En août, Pemex a continué à afficher une baisse soutenue de ses pompages de pétrole brut et une production de carburant insuffisante pour approvisionner le marché national, s'éloignant une fois de plus des promesses de réalisation de la « souveraineté énergétique » vers la fin du gouvernement qui se termine dans quelques jours. .

Accablé par une dette financière de 99 milliards de dollars qui l'a mis dans le collimateur des agences de notation, Pemex a produit en août 1,77 million de barils par jour de pétrole brut et de condensats avec des partenaires, soit 5,8% de moins en rythme annuel, et en dessous de la moyenne du pays. l'année à 1,79 millions de b/j, selon les chiffres publiés mercredi soir.

Pemex a attribué le déclin passé au déclin naturel de plusieurs domaines clés.

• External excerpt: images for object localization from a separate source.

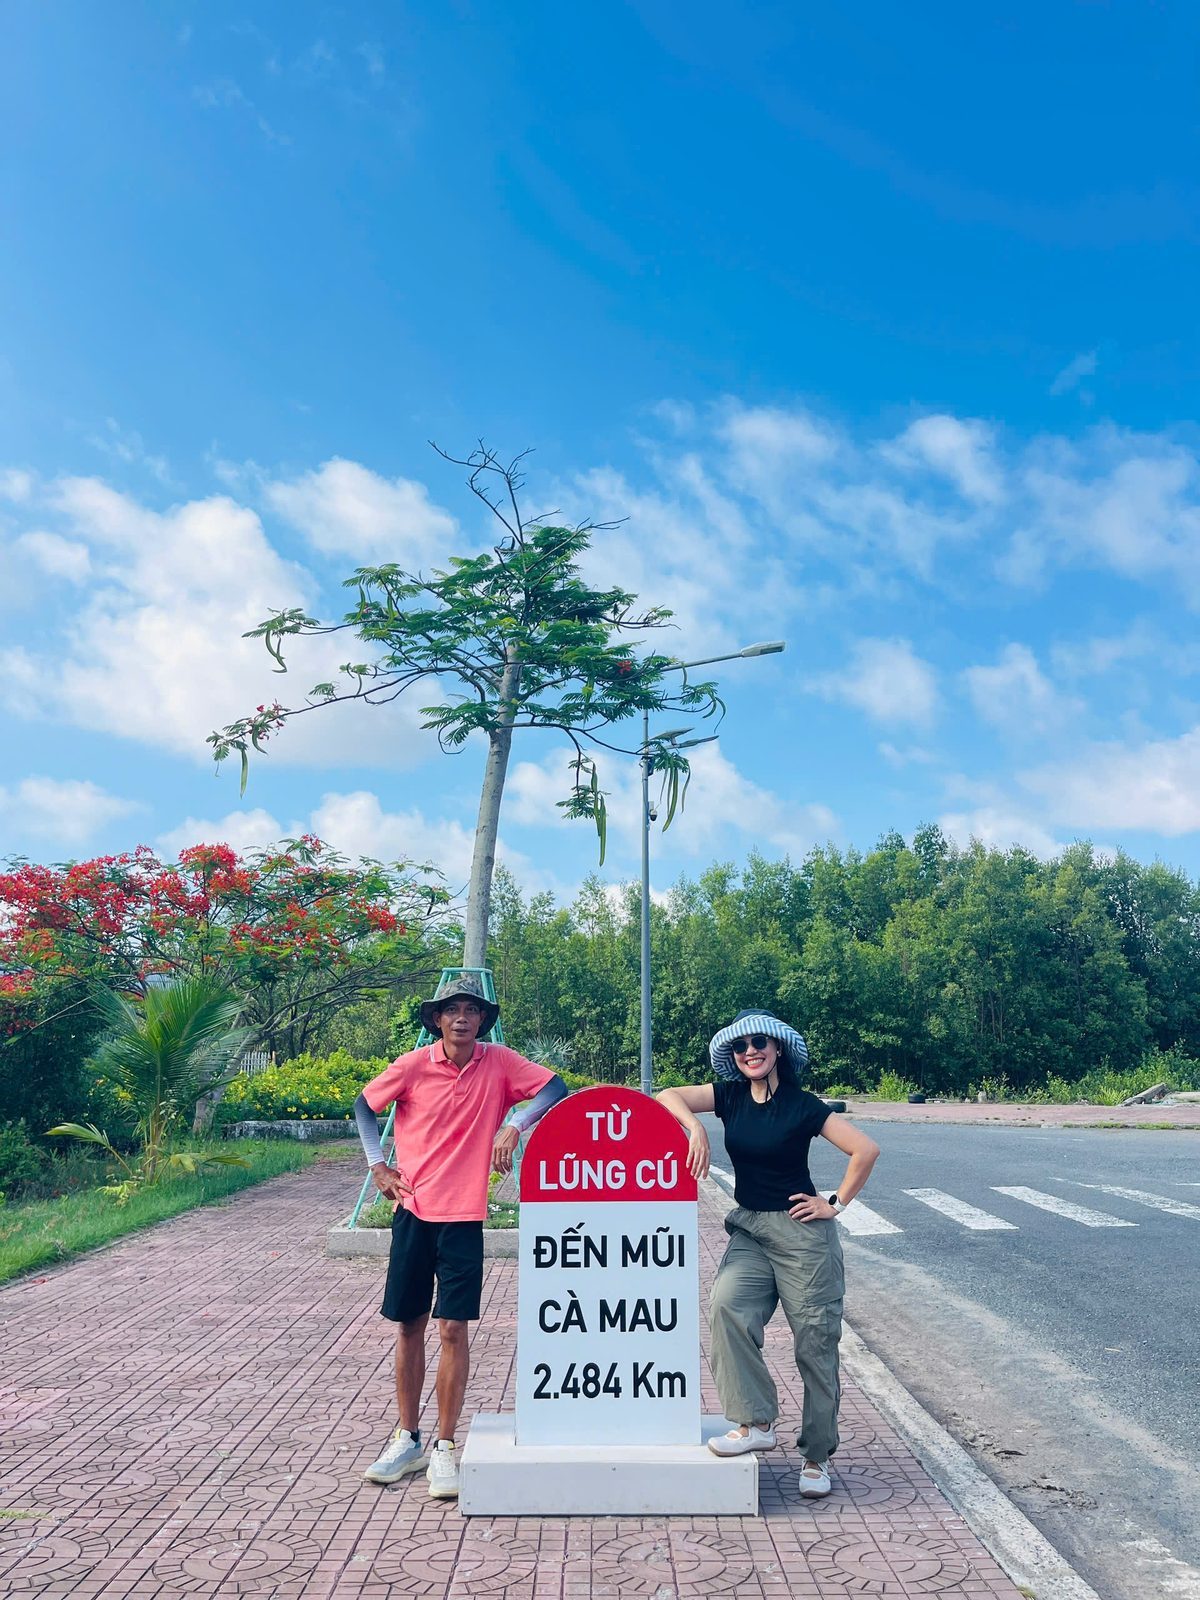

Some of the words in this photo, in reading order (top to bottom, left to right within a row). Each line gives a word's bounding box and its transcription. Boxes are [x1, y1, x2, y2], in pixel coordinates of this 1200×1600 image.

[585, 1103, 632, 1141] TỪ
[539, 1152, 626, 1190] LŨNG
[635, 1151, 678, 1190] CÚ
[532, 1222, 608, 1269] ĐẾN
[621, 1226, 685, 1268] MŨI
[538, 1289, 588, 1334] CÀ
[599, 1298, 678, 1333] MAU
[533, 1362, 622, 1400] 2.484
[632, 1361, 687, 1399] Km
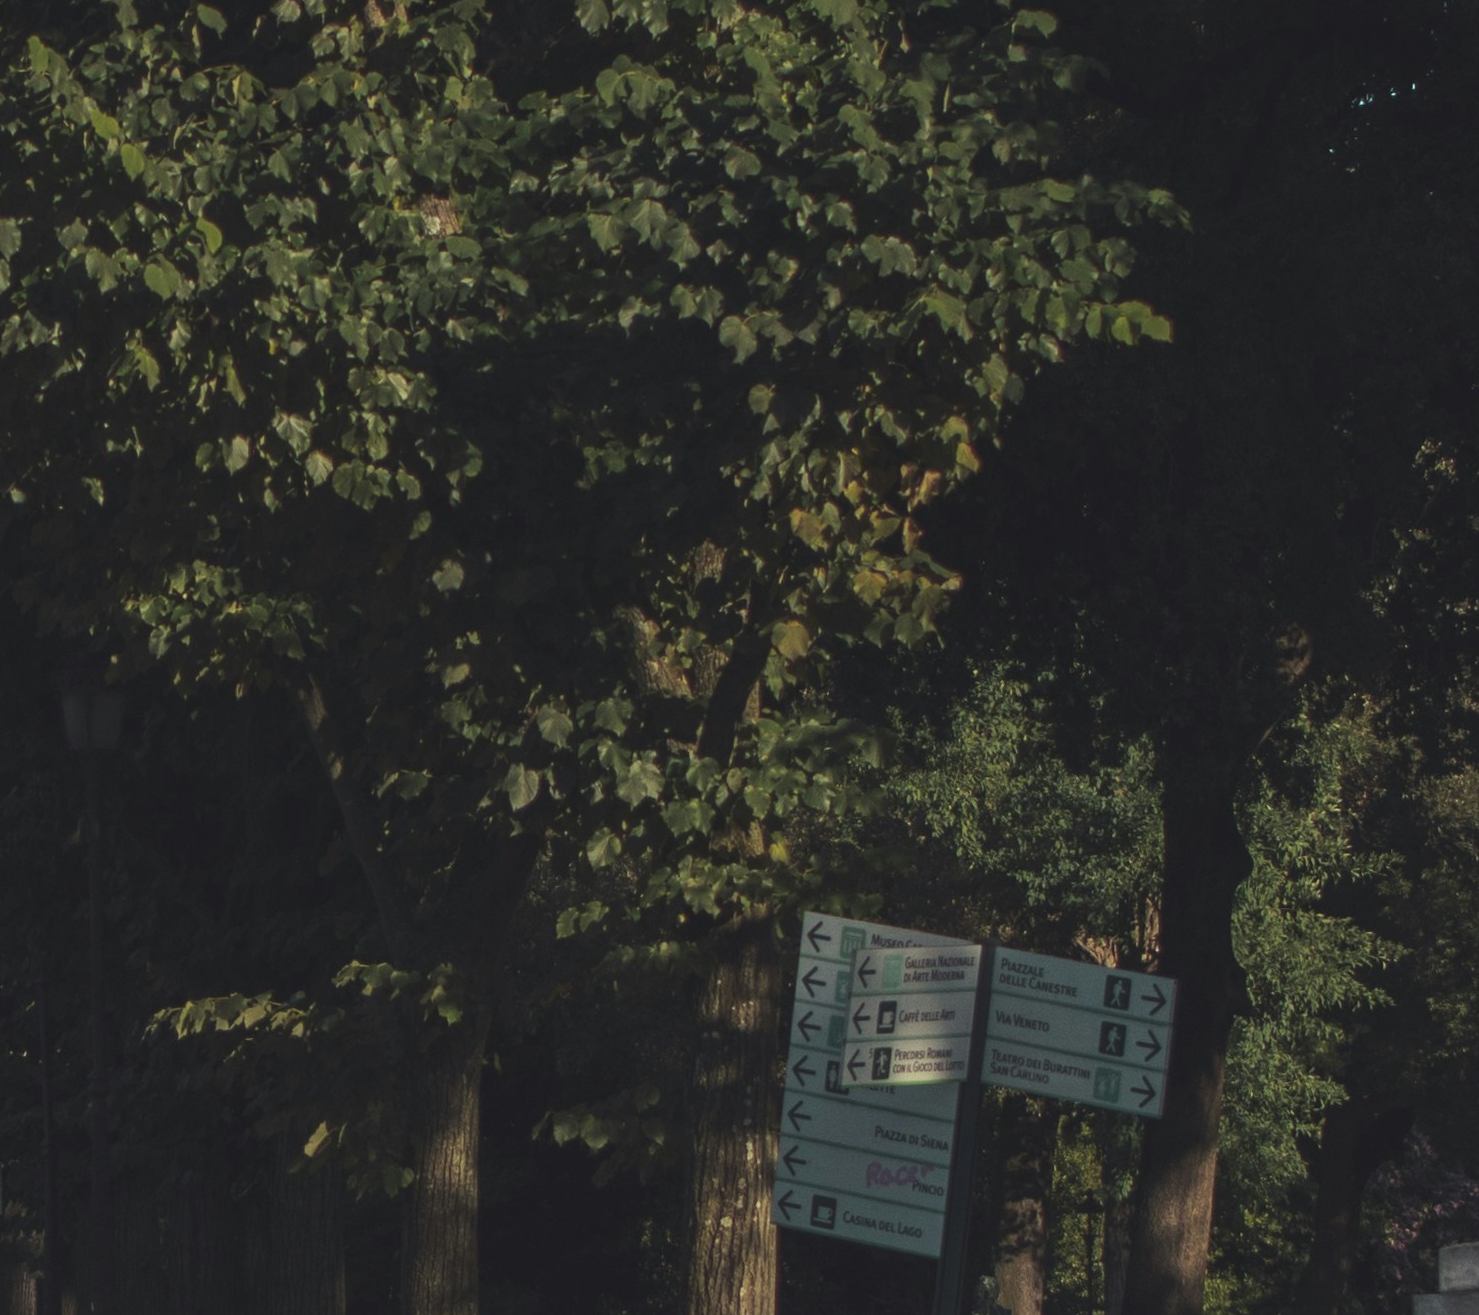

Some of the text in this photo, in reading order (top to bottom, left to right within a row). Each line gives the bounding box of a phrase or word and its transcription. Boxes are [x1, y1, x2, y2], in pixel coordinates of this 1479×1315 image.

La production de pétrole brut à elle seule a continué de baisser pour atteindre 1 495 millions de b/j, soit moins que les 1 497 millions de b/j de juillet, et 6,6 % de moins en rythme annuel, pour continuer à être à des niveaux jamais vus depuis plus de quatre décennies.

Concernant la production pétrolière, l'entreprise a indiqué qu'en août elle était de 1,02 millions de b/j, soit 15% de plus en rythme annuel, mais inférieure aux 1,07 millions de b/j de juillet, malgré l'incorporation de la nouvelle raffinerie d'Olmeca, d'une capacité de 340.000 b/j, qui a connu une faible production au cours de ses premiers mois d'exploitation, en juillet et août.

Mais la plus grande production commune des raffineries locales était celle du fioul polluant, avec 305 900 b/j ; suivi de 290 100 b/j d’essence et de 188 200 b/j de diesel.

Pour approvisionner le marché local, Pemex a dû continuer à importer des carburants : 416 700 b/j d'essence et près de 142 000 b/j de diesel, ce qui montre un panorama complexe pour arrêter d'acheter à l'étranger.

Rien qu'en juillet, le directeur général de Pemex, Octavio Romero, a assuré que d'ici septembre, les importations de carburant de l'entreprise tomberaient à environ 52 000 b/j et à 20 000 b/j au premier trimestre 2025, car davantage serait produit dans le pays.

Les promesses de la raffinerie Olmeca

Le président López Obrador assure que Pemex a été « sauvée » pendant son mandat après la tentative de destruction de l'entreprise avec la réforme énergétique d'il y a dix ans qui a approfondi l'ouverture du secteur énergétique aux capitaux étrangers et privés.

Sous son gouvernement, l'entreprise a reçu des milliards de dollars de soutien pour payer son importante dette financière, renforcer sa production, construire une nouvelle raffinerie qui a coûté plus du double des 8 milliards de dollars initialement estimés et réhabiliter les six raffineries locales en activité.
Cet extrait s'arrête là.